Of course, observers will expect the NPT RevCon to take up all the better known and contentious issues, such as the Iran nuclear programme, the missile tests and larger than expected uranium stocks of North Korea, and the long-standing refusal of the US and Israel to go along with the setting up of nuclear-free zones in the Middle East. As these are the issues that the media and political leaders like to follow, the diplomats in New York will be tempted to gravitate towards them. Yet this may steal time away from less salient areas where the NPT RevCon could build badly-needed bridges and make some quiet but real progress. In any case, the Iran file is being handled by the 6+1 talks in Geneva involving the US, UK, France, Germany, EU, Russia, China and Iran; and Iran’s NPT compliance is being handled by the IAEA Board of Governors. The North Korea file is being dealt with in the 6+2 process which brings the same international actors together with North and South Korea. So there is little added value that the RevCon can practically bring to these files at present – all the more reason to concentrate instead on the pragmatic agenda outlined above.
This year is undoubtedly the year of climate change, culminating with COP26 in Glasgow. It is urgent for the global community to tackle climate change, as the alternative is a planet that would be progressively destroyed and become uninhabitable. Yet a nuclear winter with a radioactive cloud descending on the earth could destroy much of life on the planet in the space of a single afternoon if nuclear weapons were ever to be used in quantity, and by more than one side in a conflict.
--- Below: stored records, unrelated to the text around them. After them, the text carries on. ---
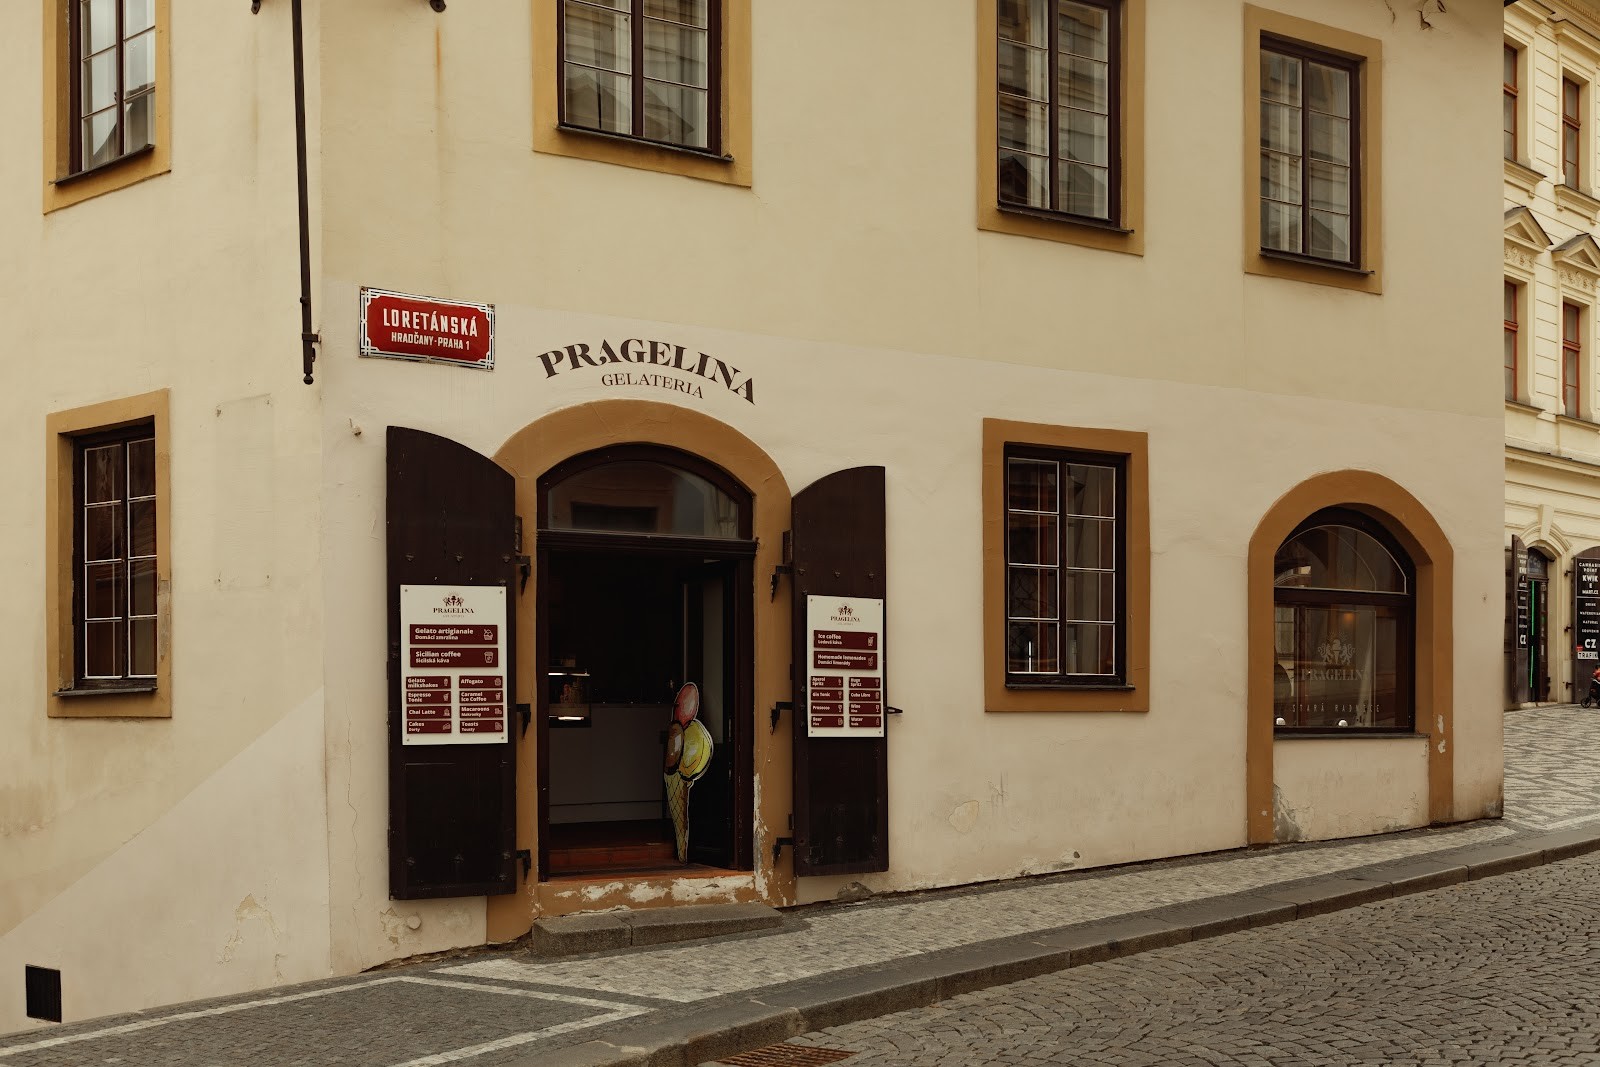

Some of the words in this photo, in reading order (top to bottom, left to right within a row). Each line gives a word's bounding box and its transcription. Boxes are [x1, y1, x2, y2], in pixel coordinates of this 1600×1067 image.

[383, 308, 478, 337] LORETÁNSKÁ
[465, 341, 470, 351] 1
[536, 338, 755, 405] PRAGELINA
[601, 372, 704, 399] GELATERIA
[1582, 574, 1598, 582] KWIK
[438, 628, 473, 636] artigianale
[1584, 638, 1596, 649] CZ
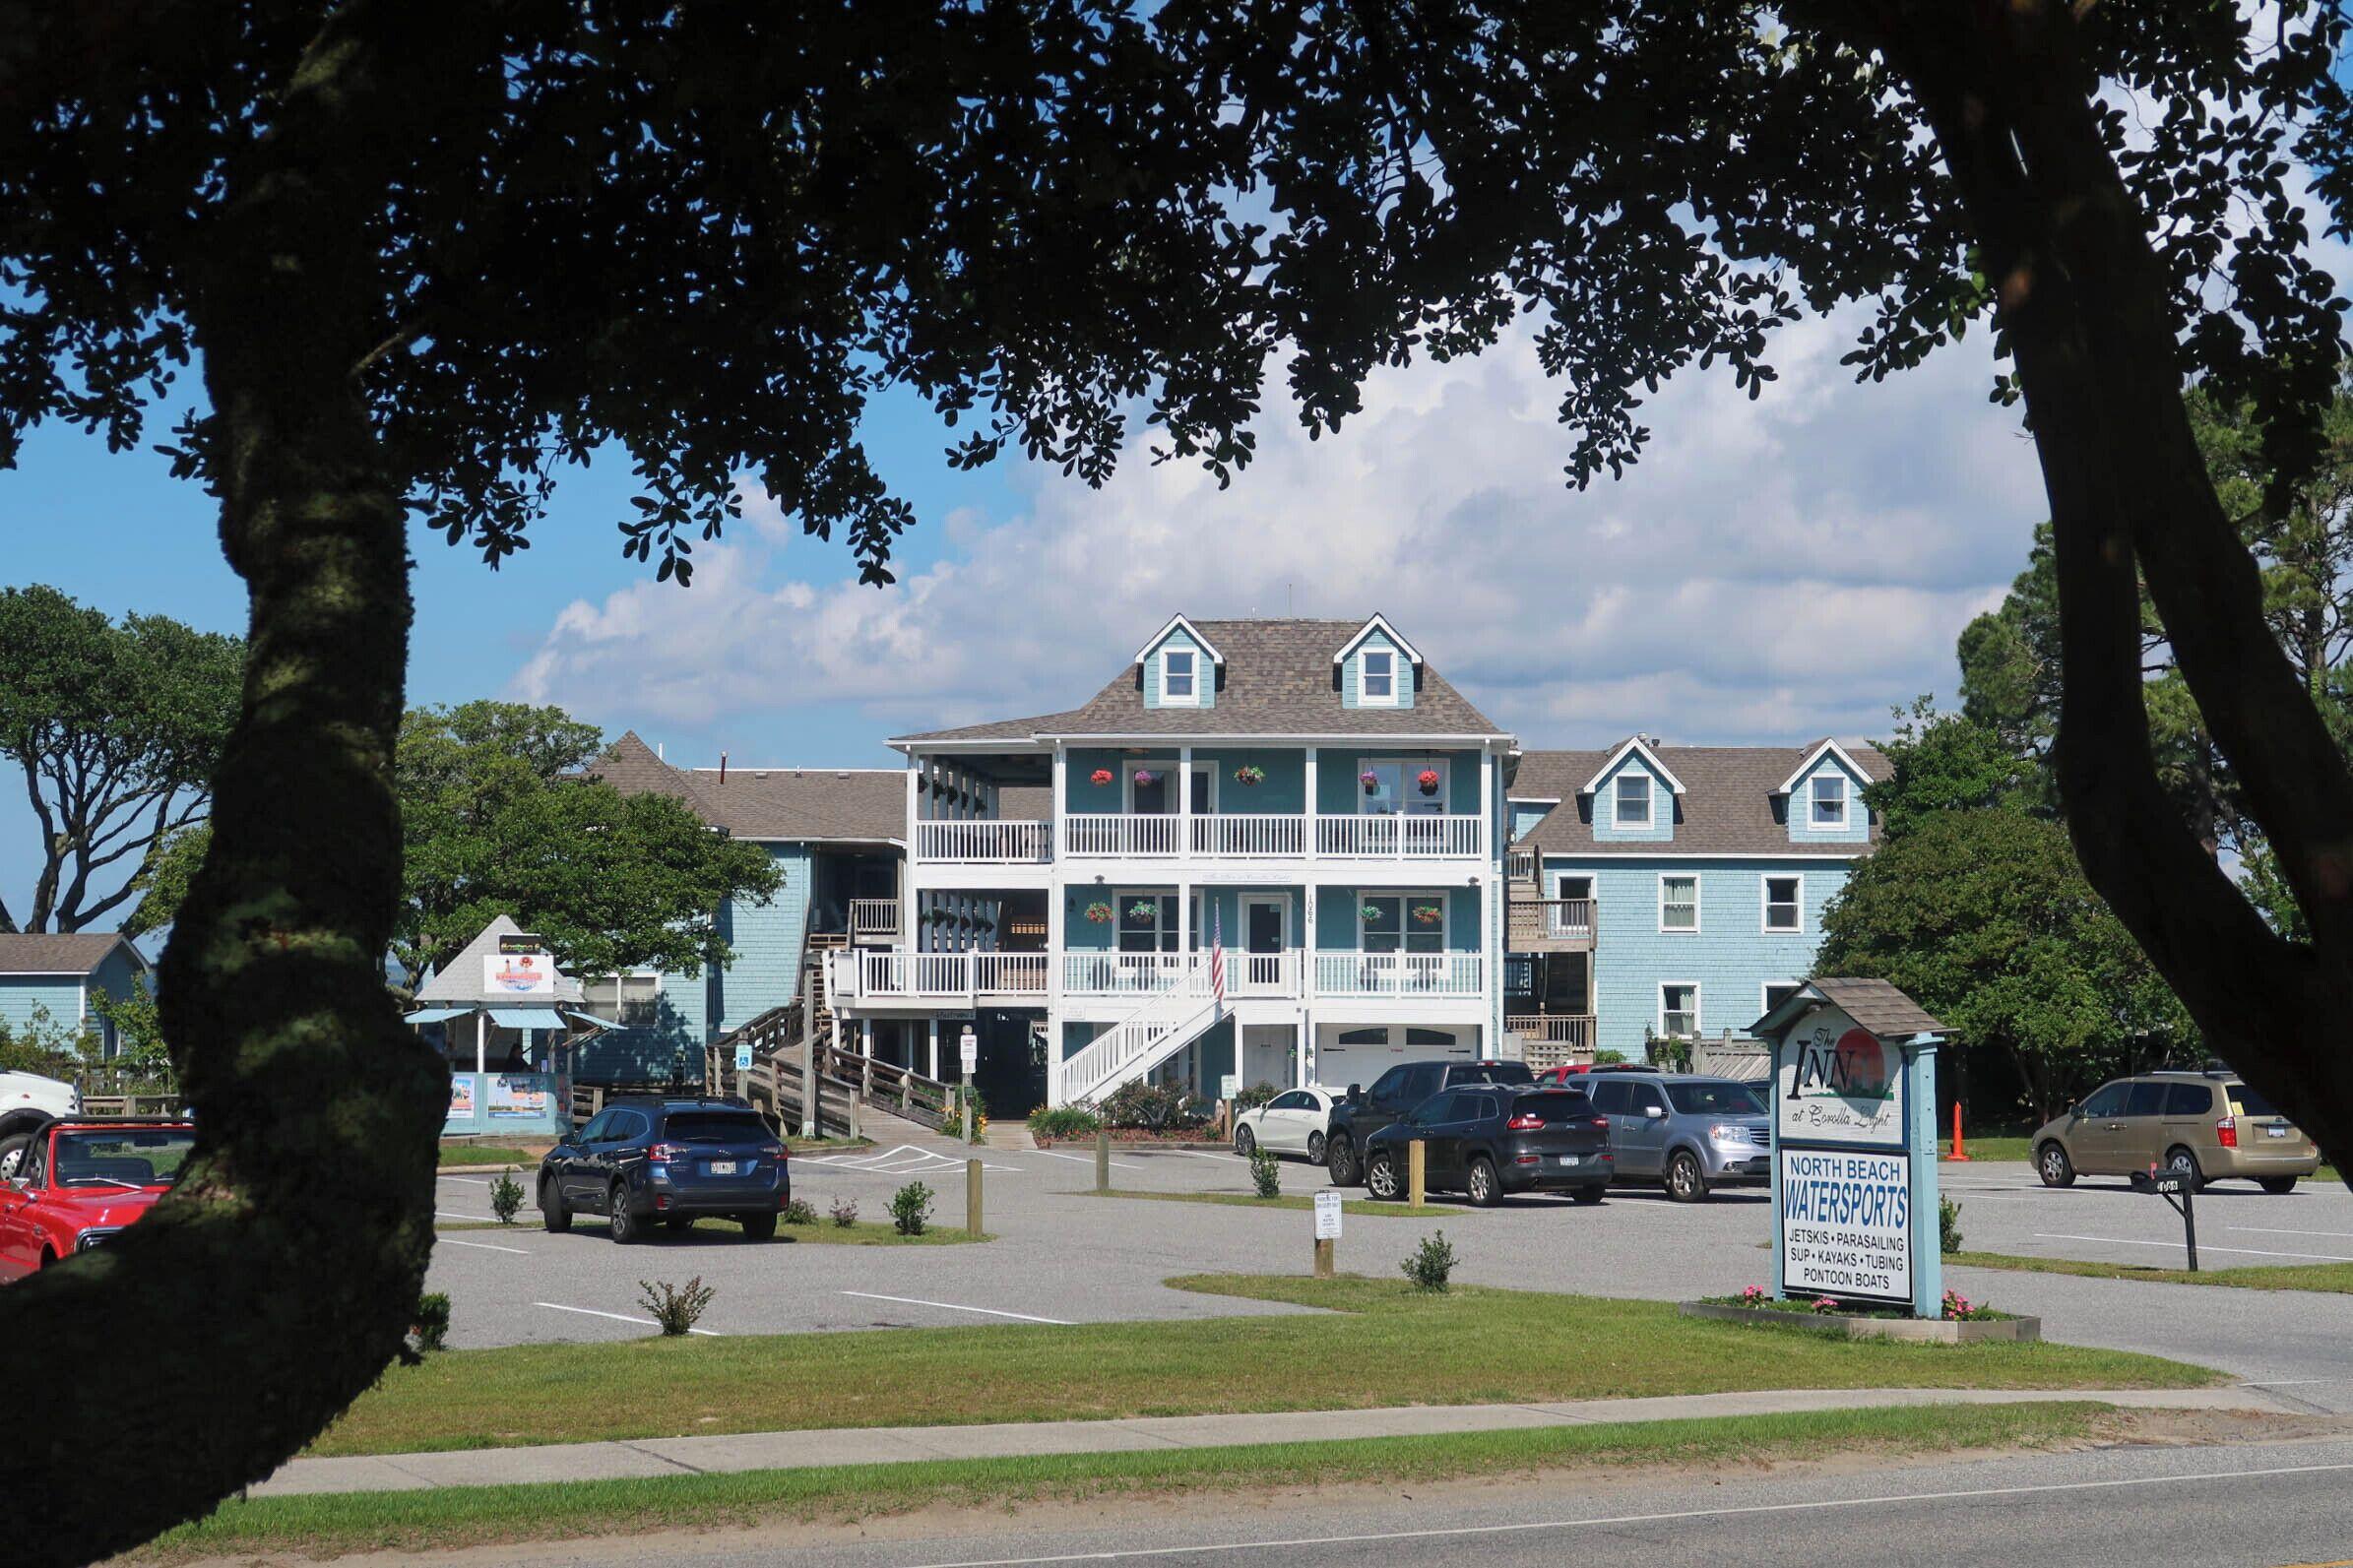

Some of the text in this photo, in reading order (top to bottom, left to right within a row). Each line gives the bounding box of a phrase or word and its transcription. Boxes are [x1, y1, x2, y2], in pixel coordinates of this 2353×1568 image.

[1813, 1028, 1835, 1046] The
[1787, 1040, 1856, 1099] INN
[1792, 1104, 1891, 1134] at Corolla Light
[1791, 1157, 1900, 1181] NORTH BEACH
[1785, 1179, 1907, 1228] WATERSPORTS
[1789, 1228, 1904, 1252] JETSKIS PARASAILING
[1791, 1247, 1903, 1272] SUP KAYAKS TUBING
[1804, 1268, 1889, 1289] PONTOON BOATS
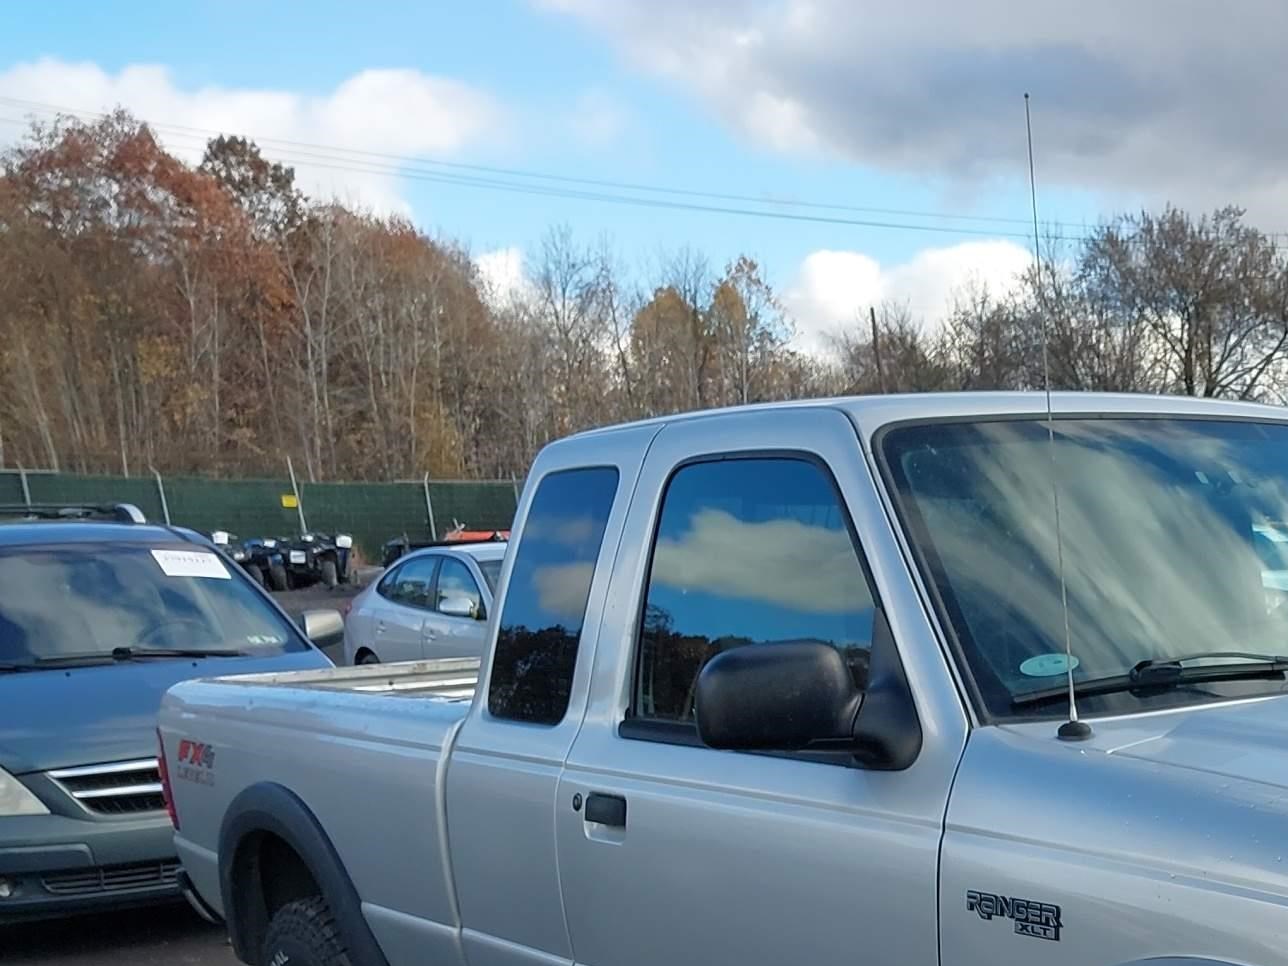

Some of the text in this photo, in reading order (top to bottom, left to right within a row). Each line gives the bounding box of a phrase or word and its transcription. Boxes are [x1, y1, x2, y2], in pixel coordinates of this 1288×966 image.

[178, 739, 215, 769] FX4
[967, 890, 1063, 928] RANGER
[1018, 922, 1055, 938] XLT
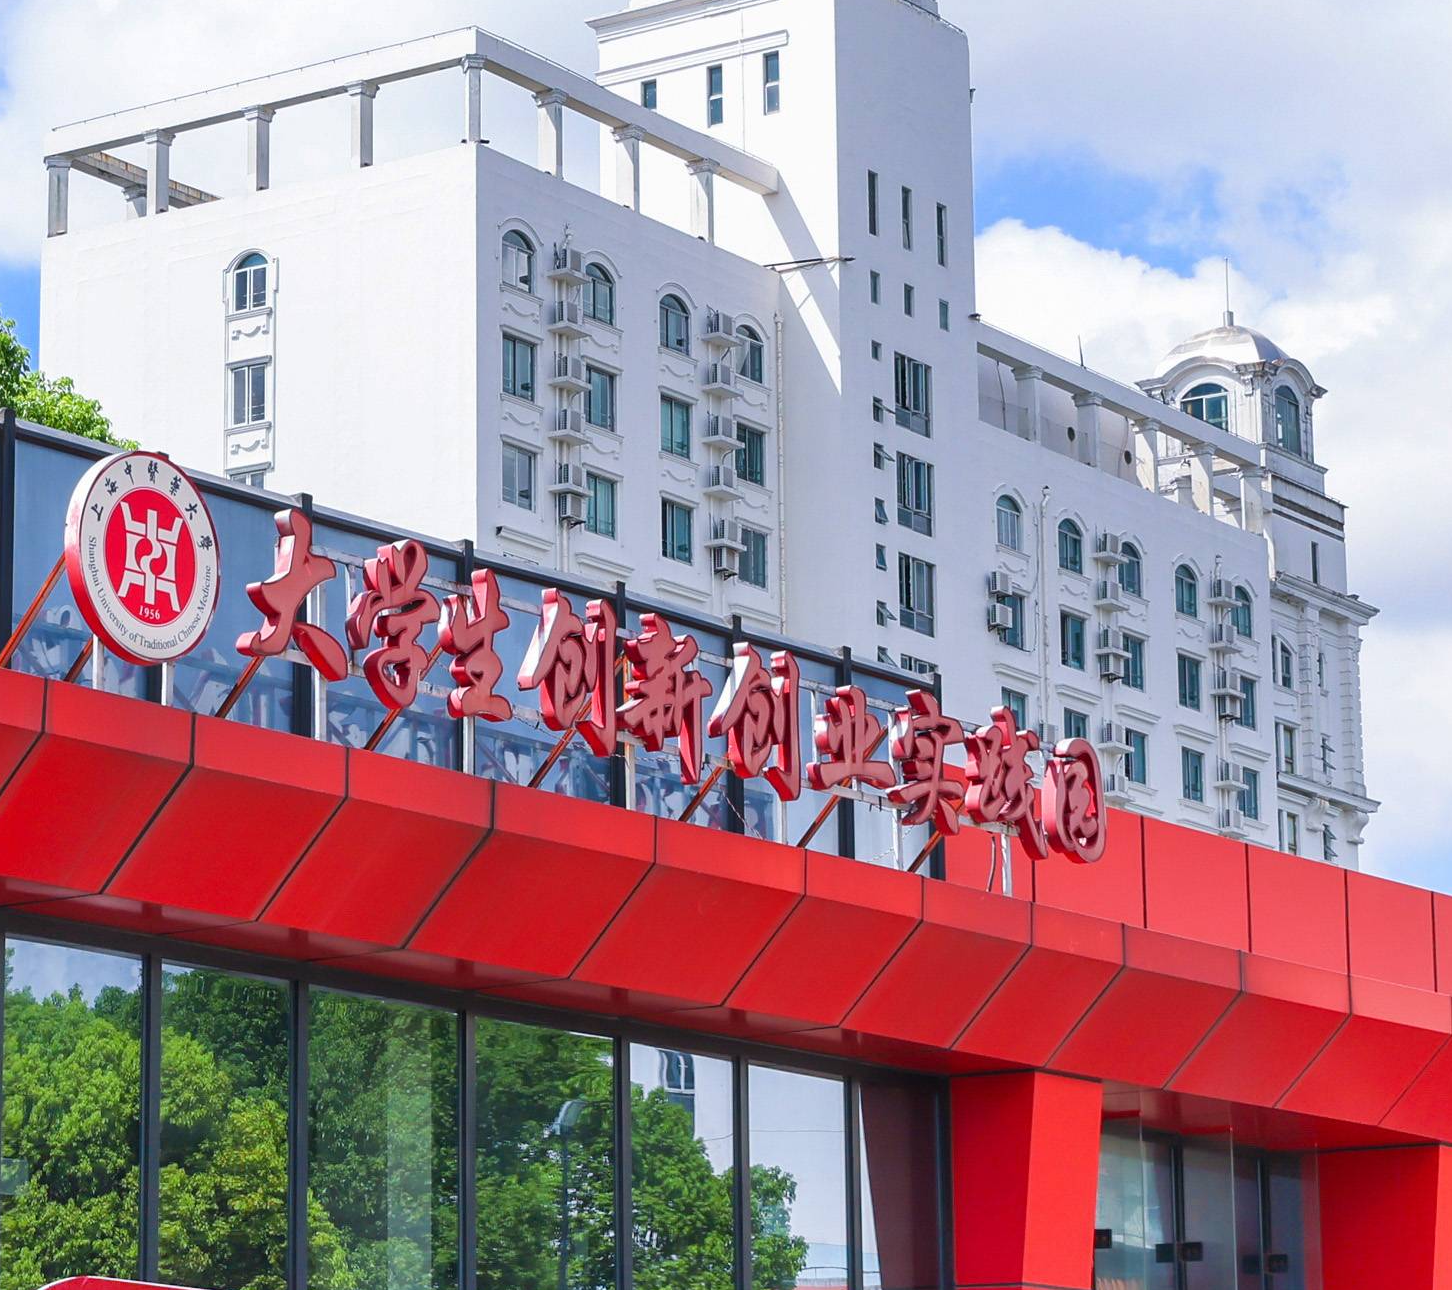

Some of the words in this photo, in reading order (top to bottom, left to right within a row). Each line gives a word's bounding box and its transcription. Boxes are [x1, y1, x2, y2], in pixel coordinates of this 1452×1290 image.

So the NPT RevCon is more significant than the usual worthy international gathering at the United Nations.
The stakes are high and there is much work to do in just four weeks of consultations. It is, therefore, all the more important that civil society and the NGOs active on non-proliferation and disarmament issues be allowed to participate in the RevCon. At the moment, and because the conference is being organised at short notice, it is not clear if civil society will be invited. Yet we have seen this past week at COP26 how important the role and voice of activists and outside experts are in putting pressure on government officials and negotiators to move forward. There is still time to open the RevCon door to civil society before January next year – and it is important for the credibility of the NPT review and the future viability of the treaty itself that this door be opened wide.